Quis que a peça tivesse “atos” com “c” [riso, aponta para uma cópia da prova da capa do livro onde se lê Última Hora – Peça em três actos]. Ainda pensei escrevê-la em cinco atos, à Shakespeare (desculpe, mas é uma referência), embora, infelizmente, não dominar a técnica porque é muito complicado perceber quando as coisas devem acontecer ou quando chega o tempo de mudar tudo. Portanto, fui pelos tradicionais três atos e, mesmo assim, é uma peça longa, mas moderna. E quis que estivesse lá tudo: a sala de redação, o bar onde vão os jornalistas, o passeio junto ao Tejo…

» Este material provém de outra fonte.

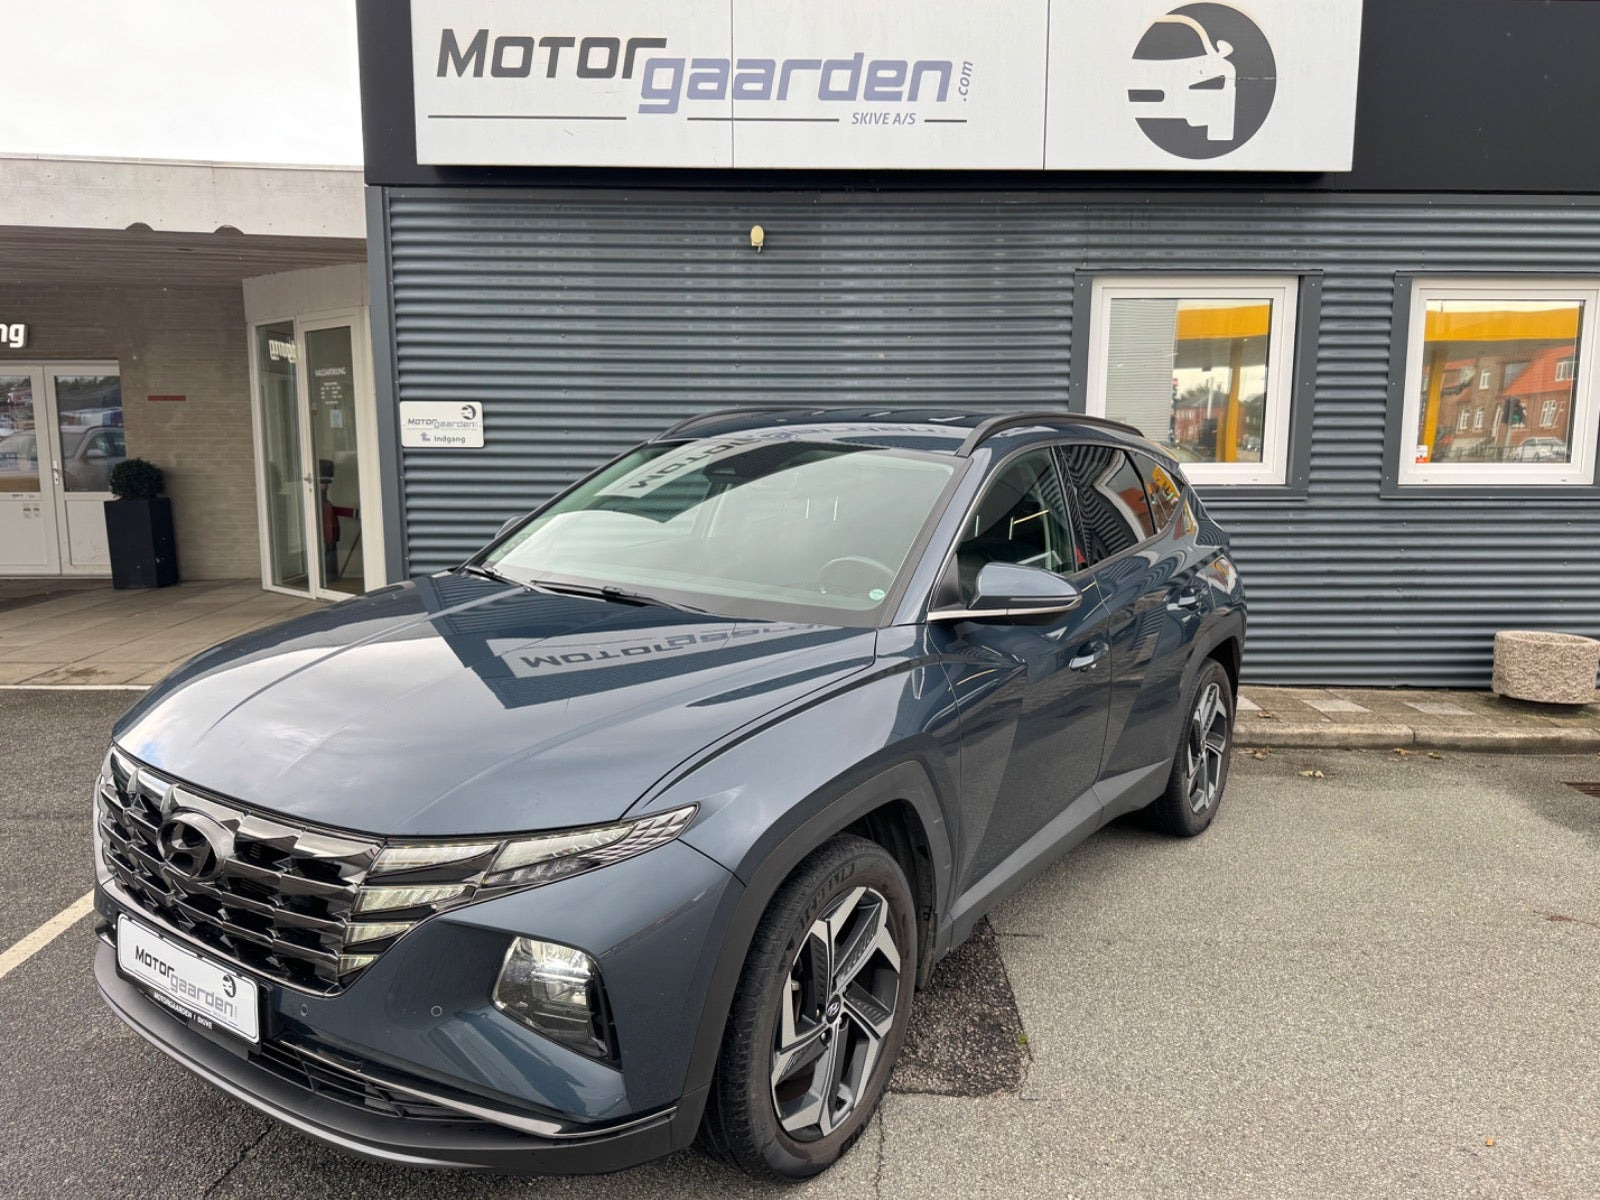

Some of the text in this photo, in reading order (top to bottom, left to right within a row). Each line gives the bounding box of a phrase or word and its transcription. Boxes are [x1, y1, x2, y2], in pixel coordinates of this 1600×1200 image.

E que houvesse muitas personagens.

Sim. Uma redação é um organismo vivo, com muita gente. [pausa] Bem, agora nem tanto devido à pandemia (tem graça que o Miguel Guilherme, que faz o papel do diretor, esteve no Público para sentir o pulsar da redação e acabou por não ver o que realmente é aquele bulício).

Para além de atores consagrados, como o Miguel Guilherme, a Maria Rueff e os atores do Nacional, o elenco conta com muitos jovens. Está satisfeito?

Muito. São todos fabulosos. O Miguel e a Maria vão estrear-se, por fim, no palco da Sala Garrett. E há aqui algo muito curioso que é termos estagiários de teatro a fazer de estagiários de jornalistas. Interessante, num mundo em que as pessoas perderam a perspetiva de terem um emprego duradouro que permita pensar no futuro, numa família… O jornalismo, particularmente, perdeu isso, tal como, calculo, o teatro e tantas outras profissões. A peça é também sobre isso.

Para concluir, a dado momento, o diretor do jornal tem um desabafo, que cito: “eu meti-me nesta vida desgraçada, nesta fábrica de divórcios, nesta máquina de trinchar filhos às postas, neste hospital de malucos, neste alambique de bagaço, neste tanque de nicotina e alcatrão, neste camião cisterna de tinta tóxica em defesa de um bem maior: a Liberdade! E a Democracia!” Este ainda é o bem que o jornalismo defende?

Lá está. Os meus heróis na peça, com todos os seus defeitos, têm um fundo bom, embora muitas vezes estejam confrontados com a sobrevivência. É por acreditar que a liberdade e, já agora, o amor, são o principal, que a peça nunca poderá ser um réquiem ao jornalismo. Apesar desta fase híbrida em que vivemos, o jornalismo não pode acabar e encontrará um caminho. Como nos dizia o Vicente [Jorge Silva] e os seus discípulos quando entrei no Público: “você não está a escrever para o diretor ou para o chefe, está a escrever para o leitor”. Esse é o compromisso.